Annotated photo localization data:
[Start of section]

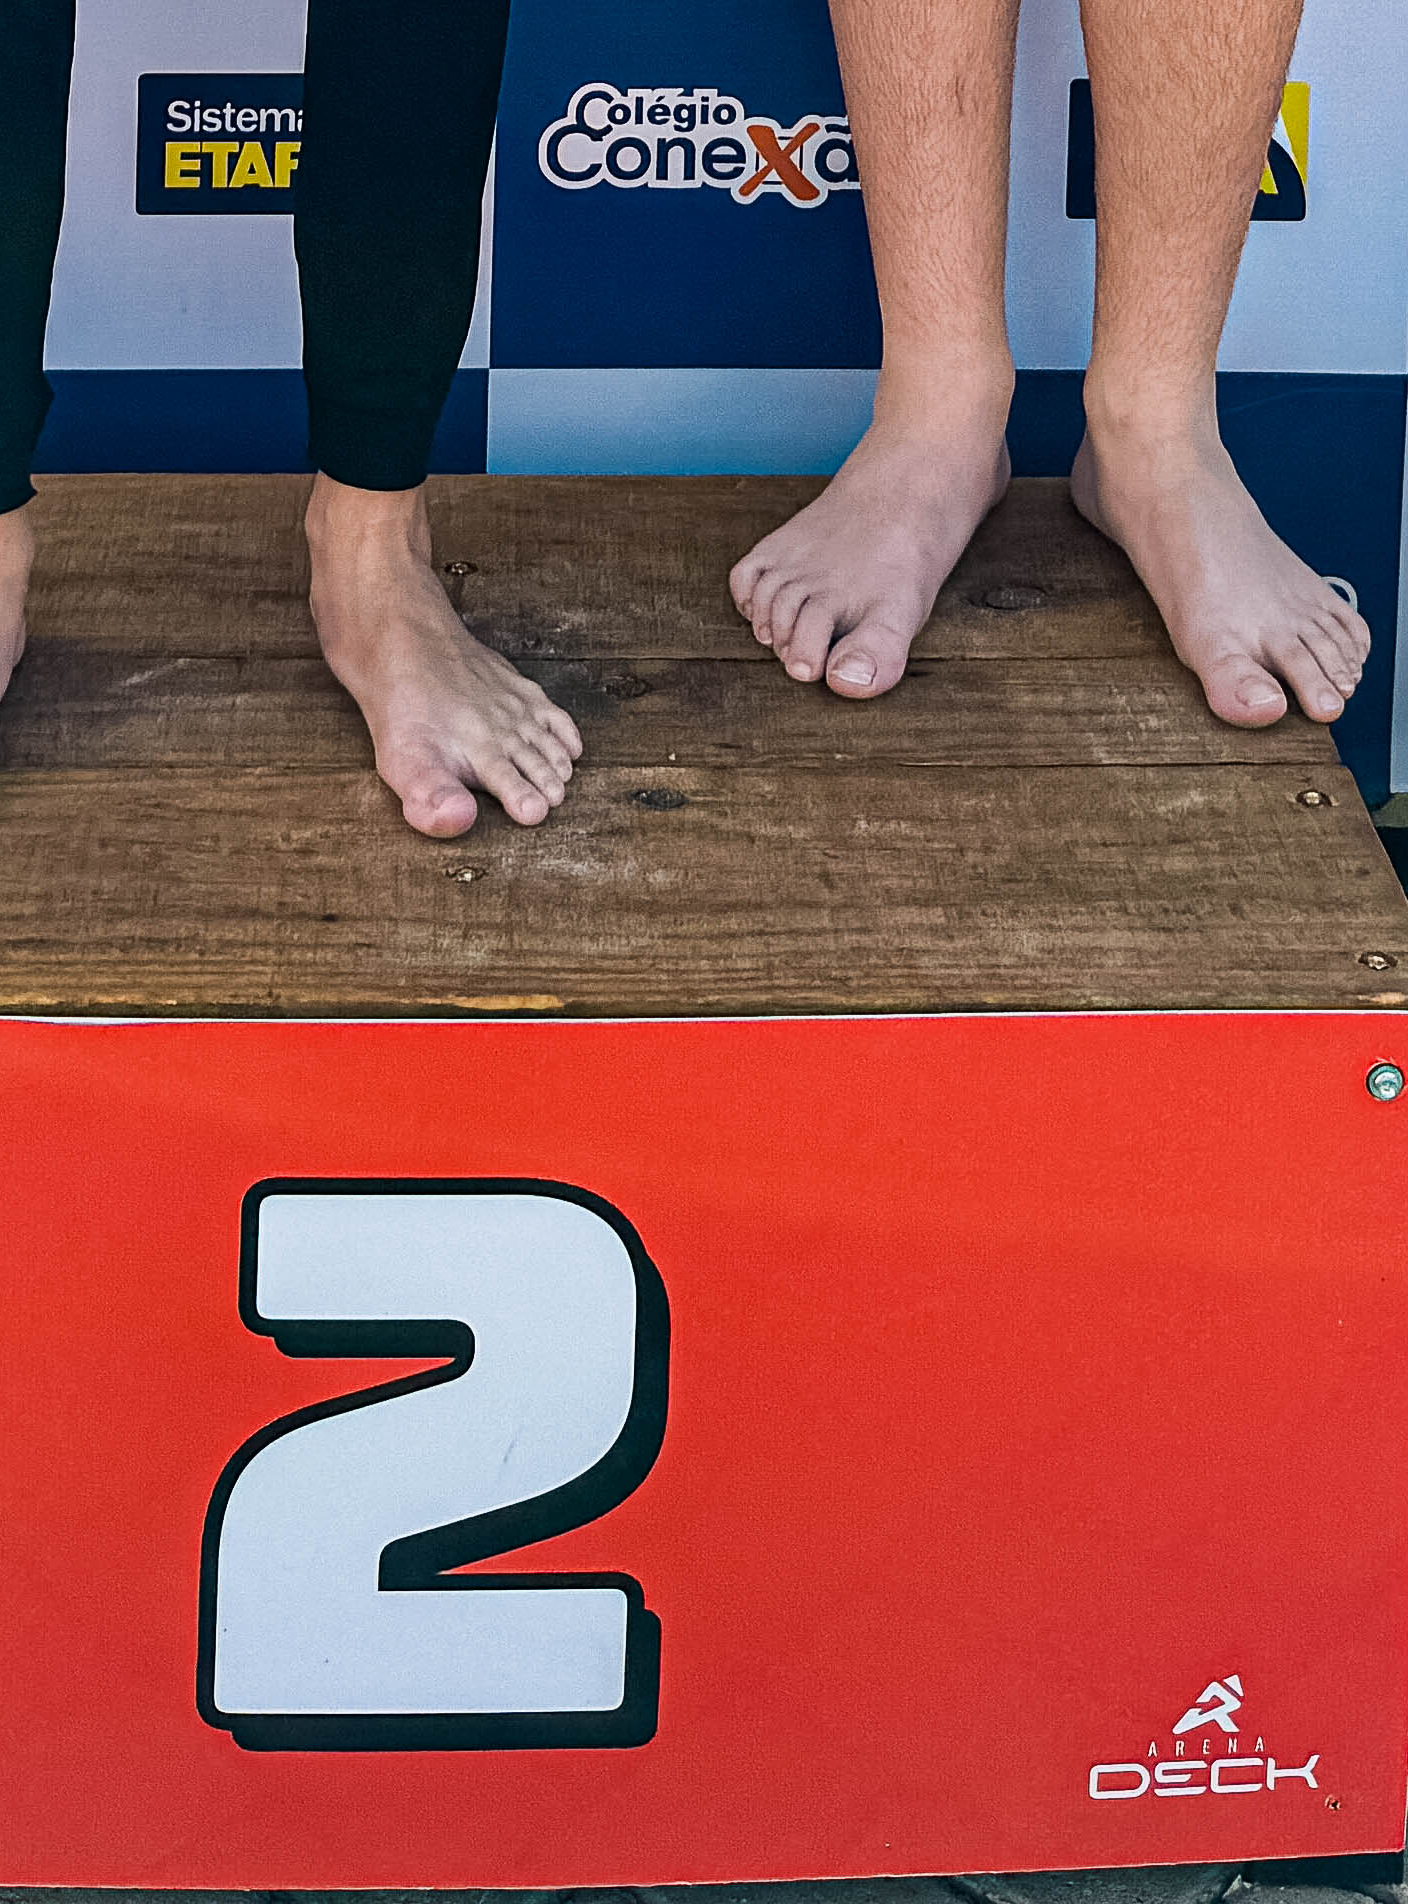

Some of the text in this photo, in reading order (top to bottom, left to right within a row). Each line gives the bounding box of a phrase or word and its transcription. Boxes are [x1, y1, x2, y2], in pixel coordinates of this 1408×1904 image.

[579, 87, 737, 133] Colégio
[201, 1179, 657, 1737] 2
[1148, 1736, 1264, 1757] ARENA
[1089, 1754, 1321, 1800] DECK

[End of section]

WHAT YOU HAVE TO DO:
Leave the pictures aside and give every entry above again word for word.

WRITTEN SOLUTION:
Some of the text in this photo, in reading order (top to bottom, left to right within a row). Each line gives the bounding box of a phrase or word and its transcription. Boxes are [x1, y1, x2, y2], in pixel coordinates of this 1408×1904 image.

[579, 87, 737, 133] Colégio
[201, 1179, 657, 1737] 2
[1148, 1736, 1264, 1757] ARENA
[1089, 1754, 1321, 1800] DECK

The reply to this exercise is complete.